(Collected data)
^^^^^^^^
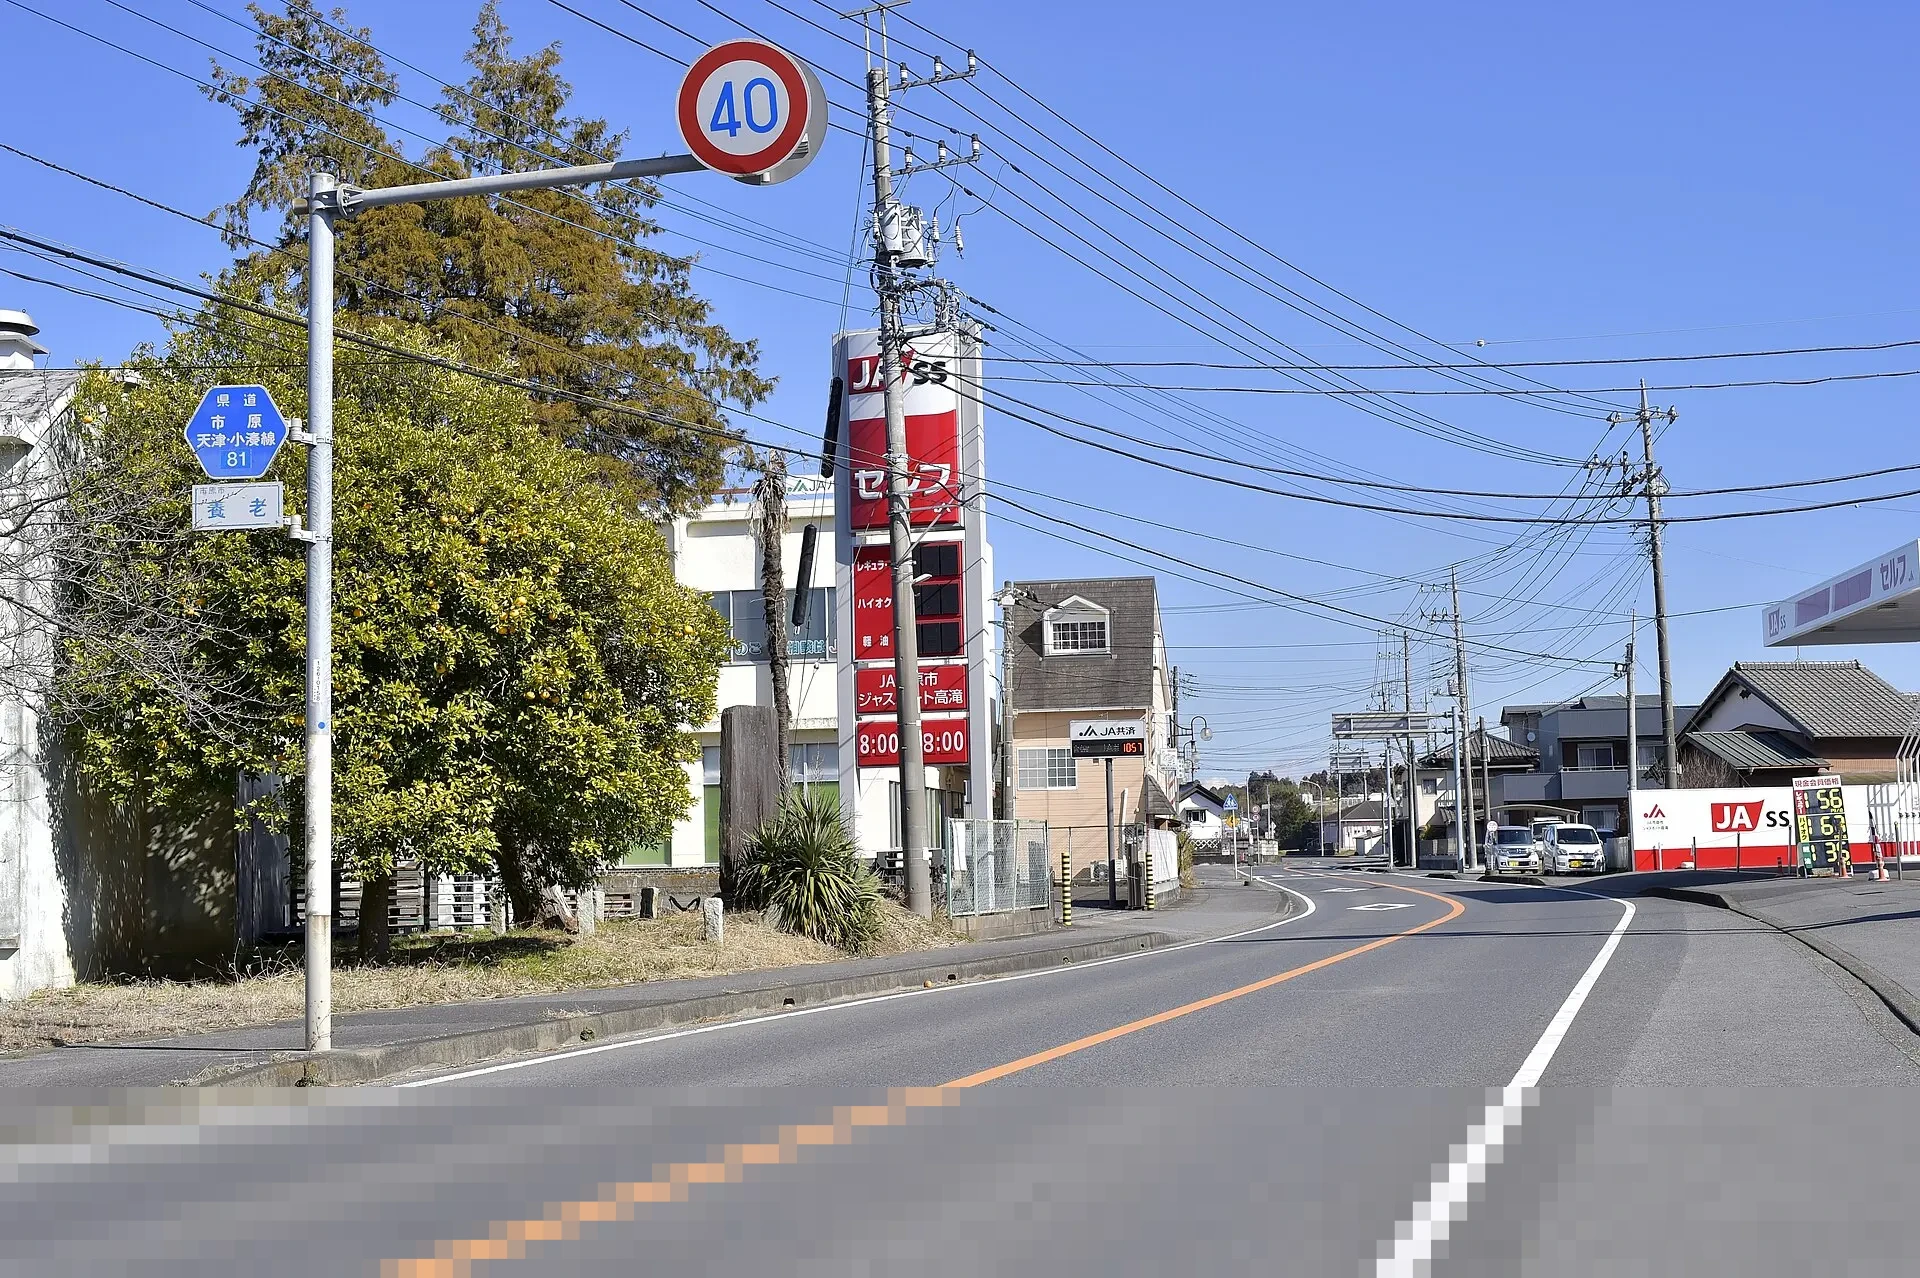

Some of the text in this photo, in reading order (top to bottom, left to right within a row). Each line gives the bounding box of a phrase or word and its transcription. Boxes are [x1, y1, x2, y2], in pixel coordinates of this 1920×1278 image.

[709, 77, 779, 138] 40
[216, 393, 257, 408] 県道
[210, 413, 263, 431] 市原
[226, 451, 247, 467] 81
[207, 498, 268, 519] 養老
[857, 559, 888, 572] レギュラ
[1880, 554, 1907, 591] セルフ
[857, 597, 892, 610] ハイオク
[862, 634, 890, 648] 軽油
[879, 672, 939, 688] JA市
[858, 689, 963, 708] ジャスト高滝
[1100, 726, 1136, 737] JA共済
[859, 732, 899, 755] 8:00
[1804, 788, 1843, 810] 156
[1716, 805, 1790, 829] JA SS
[1799, 816, 1808, 840] ハイオク
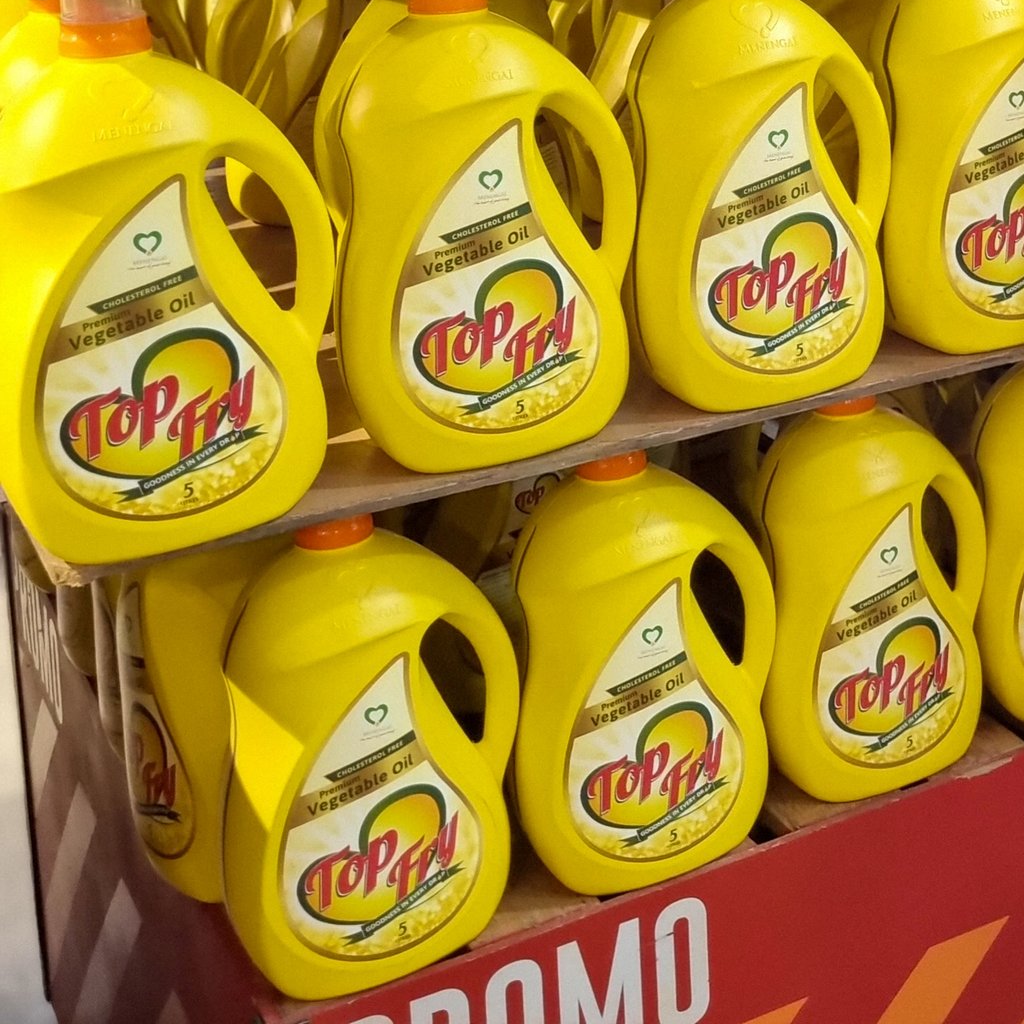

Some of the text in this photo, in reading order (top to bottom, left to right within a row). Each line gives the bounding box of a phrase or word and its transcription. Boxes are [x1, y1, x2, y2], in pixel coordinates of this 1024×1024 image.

[744, 167, 801, 194] CHOLESTEROL FREE
[966, 152, 1023, 184] Vegetable
[718, 182, 808, 229] Vegetable Oil
[728, 194, 763, 212] Premium
[452, 210, 519, 239] CHOLESTEROL FREE
[423, 226, 528, 276] Vegetable Oil
[435, 240, 474, 259] Premium
[103, 275, 182, 309] CHOLESTEROL FREE
[69, 291, 194, 350] Vegetable Oil
[83, 309, 130, 331] Premium
[796, 342, 803, 356] 5
[515, 400, 524, 414] 5
[183, 482, 194, 498] 5
[838, 591, 915, 641] Vegetable Oil
[618, 669, 660, 691] CHOLESTEROL
[591, 673, 683, 726] Vegetable Oil
[602, 690, 637, 710] Premium
[906, 734, 912, 747] 5
[338, 751, 385, 777] CHOLESTEROL
[308, 754, 412, 816] Vegetable Oil
[320, 774, 360, 799] Premium
[669, 827, 677, 841] 5
[398, 920, 407, 936] 5
[349, 897, 710, 1024] OMO
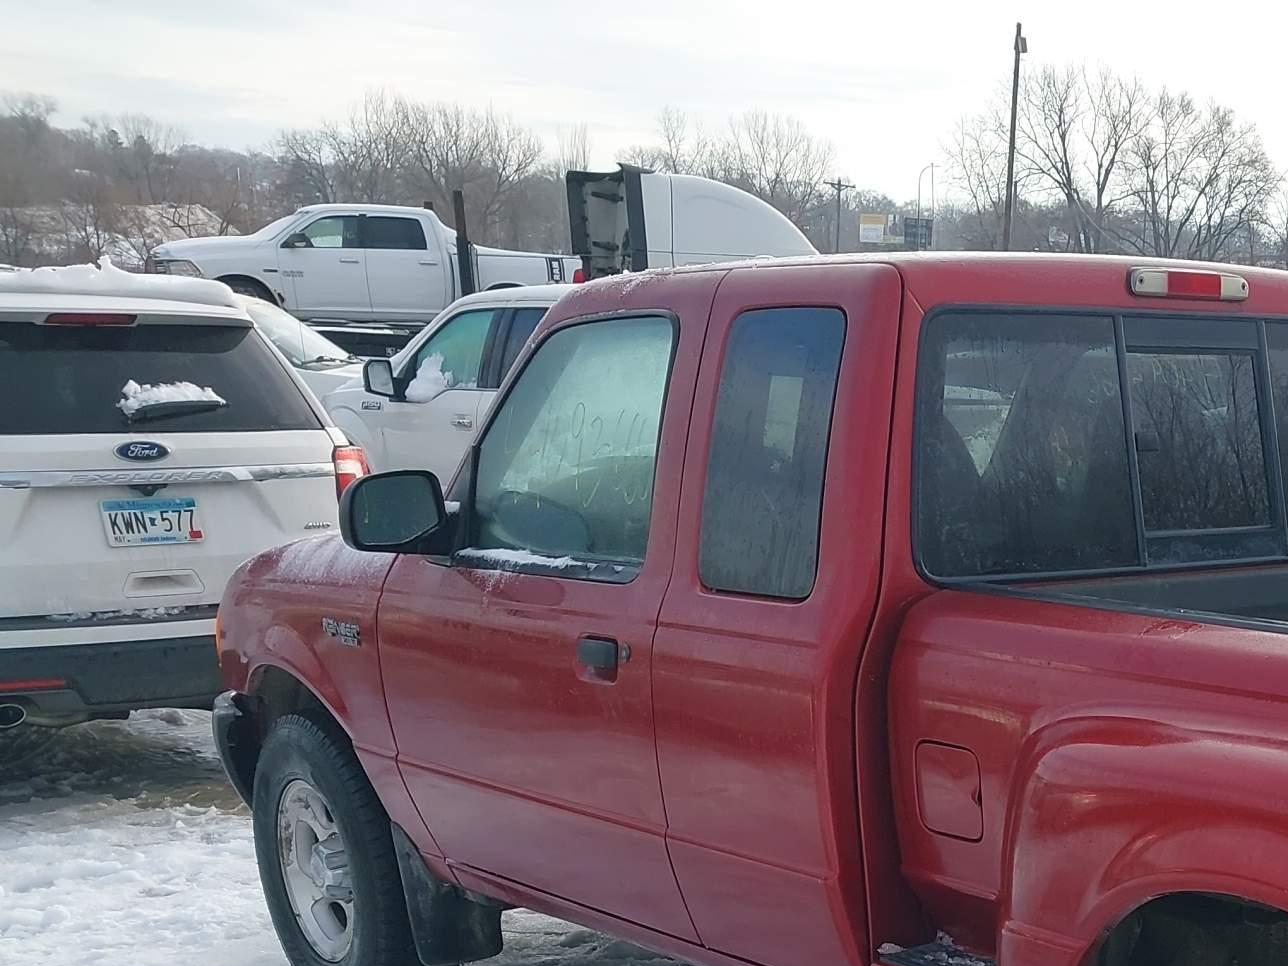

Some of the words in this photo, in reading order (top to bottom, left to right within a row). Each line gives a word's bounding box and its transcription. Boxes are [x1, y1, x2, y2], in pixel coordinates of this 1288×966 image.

[127, 443, 159, 457] Ford
[69, 471, 223, 483] EXPLORER
[108, 510, 149, 536] KWN
[160, 508, 195, 532] 577
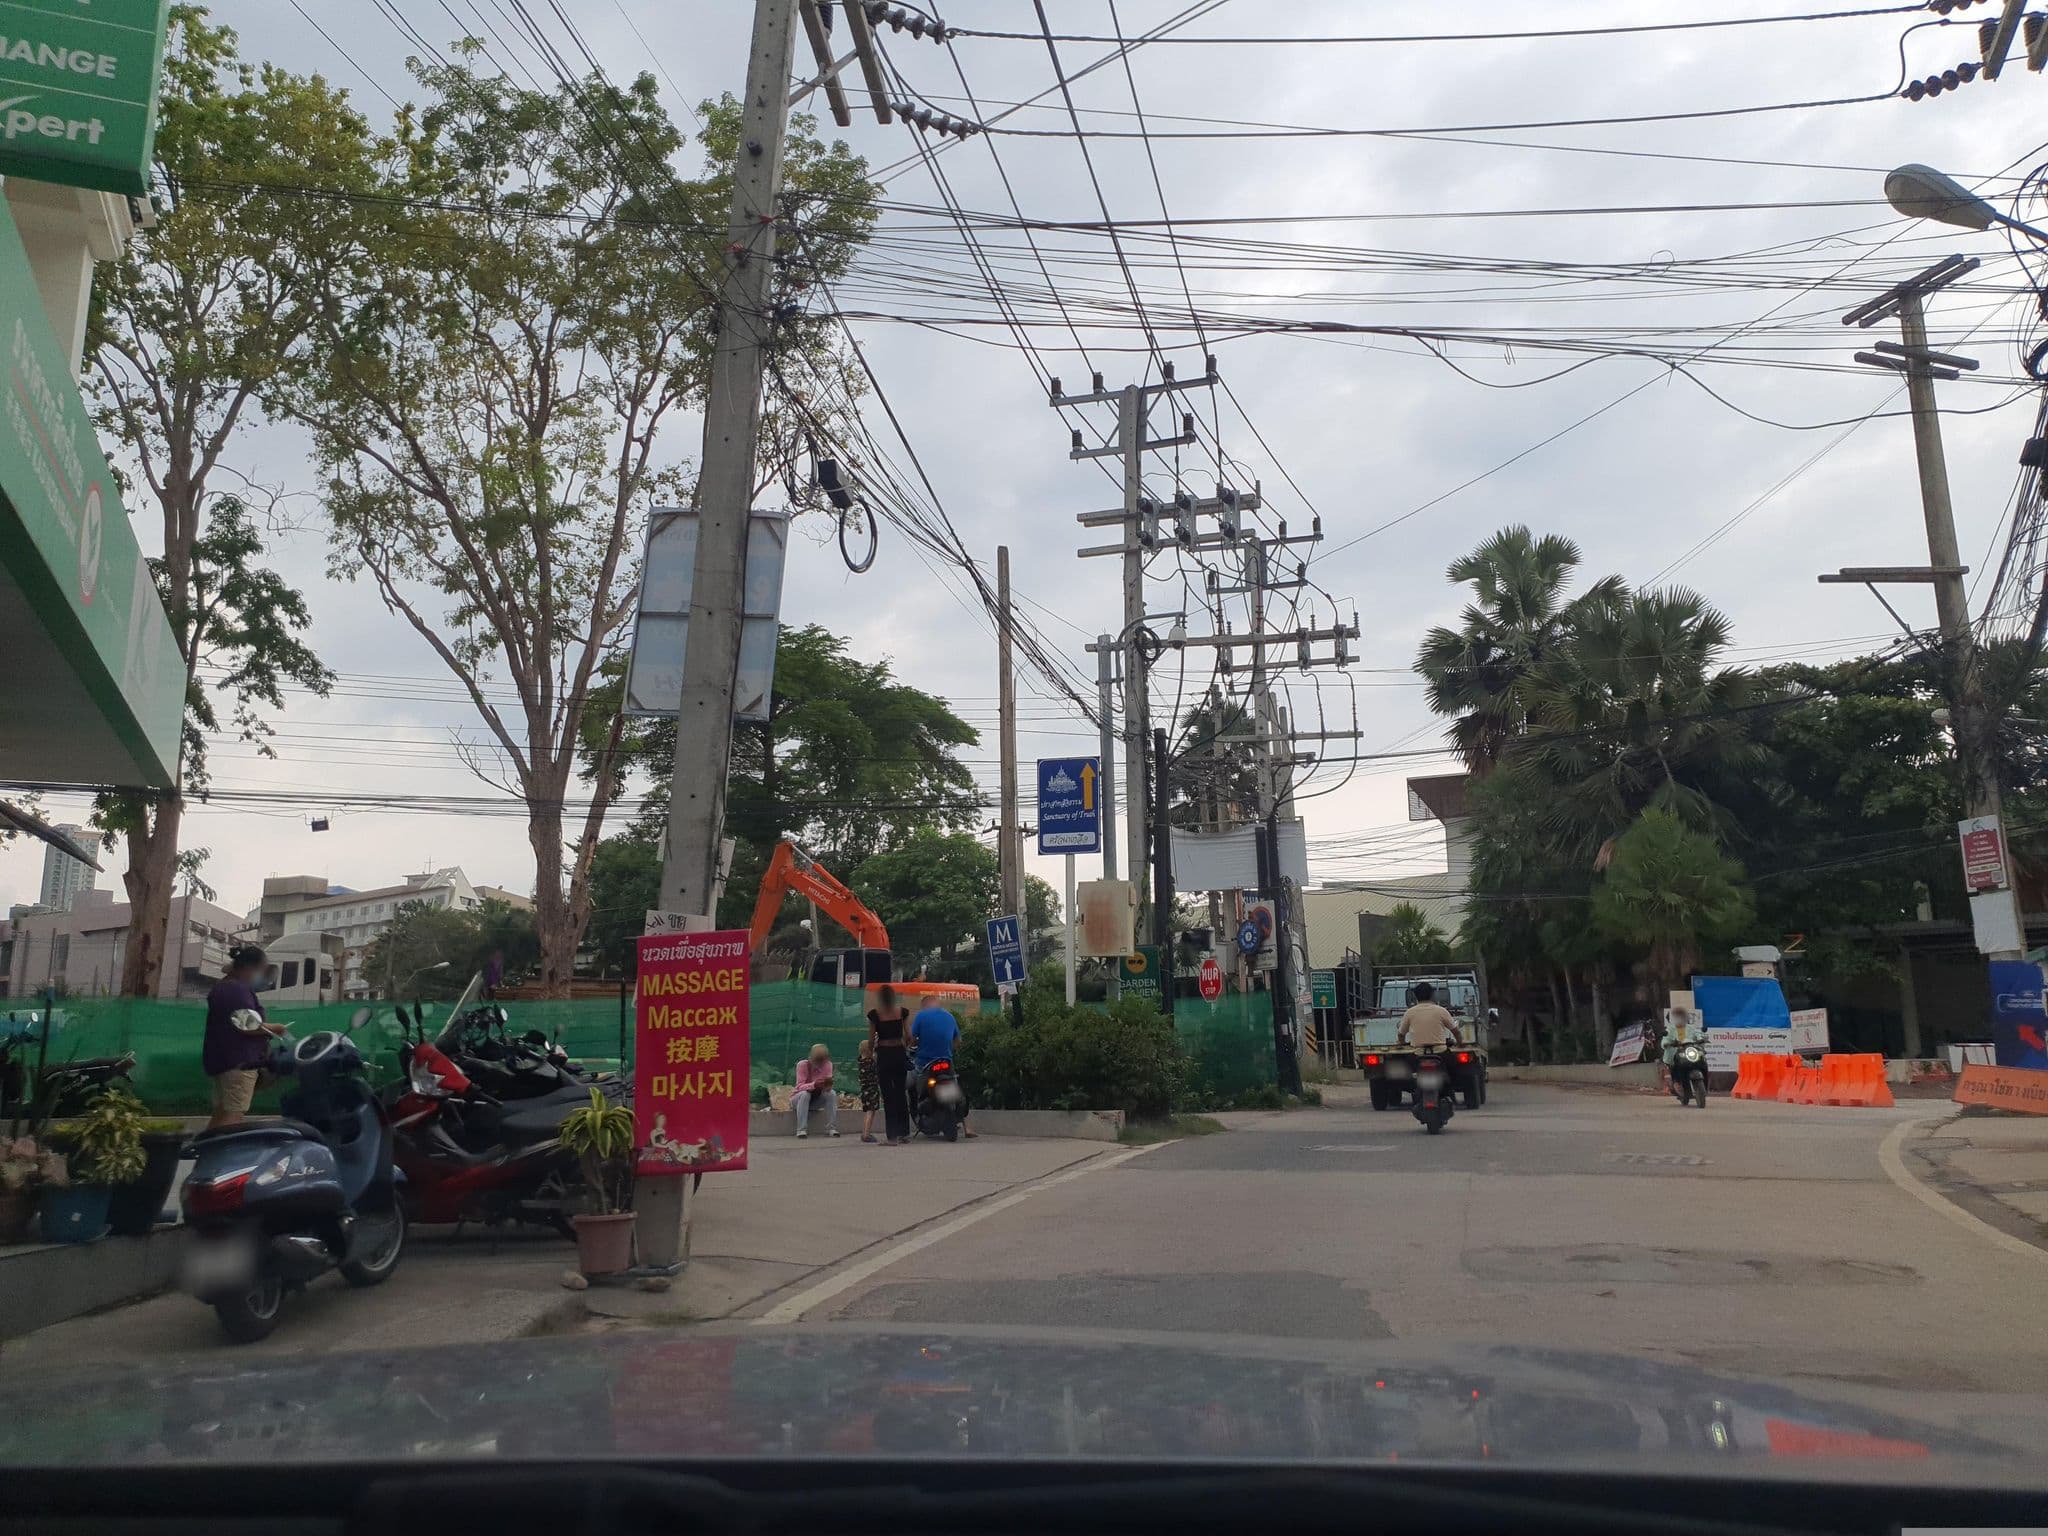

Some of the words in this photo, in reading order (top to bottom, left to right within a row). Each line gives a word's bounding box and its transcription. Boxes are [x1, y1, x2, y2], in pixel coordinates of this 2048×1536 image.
^^^^^^^^
TRY IT ->
The range to copy runs from the line with "this 1288×966 image." to the last line of the entries, both included; copy it exactly and leave out the pictures.

WRITTEN REPLY ->
Some of the words in this photo, in reading order (top to bottom, left to right within a row). Each line gives a word's bounding box and its transcription. Boxes are [x1, y1, x2, y2], in pixel coordinates of this 1288×966 image.

[127, 443, 159, 457] Ford
[69, 471, 223, 483] EXPLORER
[108, 510, 149, 536] KWN
[160, 508, 195, 532] 577

Some of the words in this photo, in reading order (top to bottom, left to right within a row). Each line gives a word's bounding box and its transcription. Boxes are [x1, y1, x2, y2], in pixel coordinates of this 2048×1536 image.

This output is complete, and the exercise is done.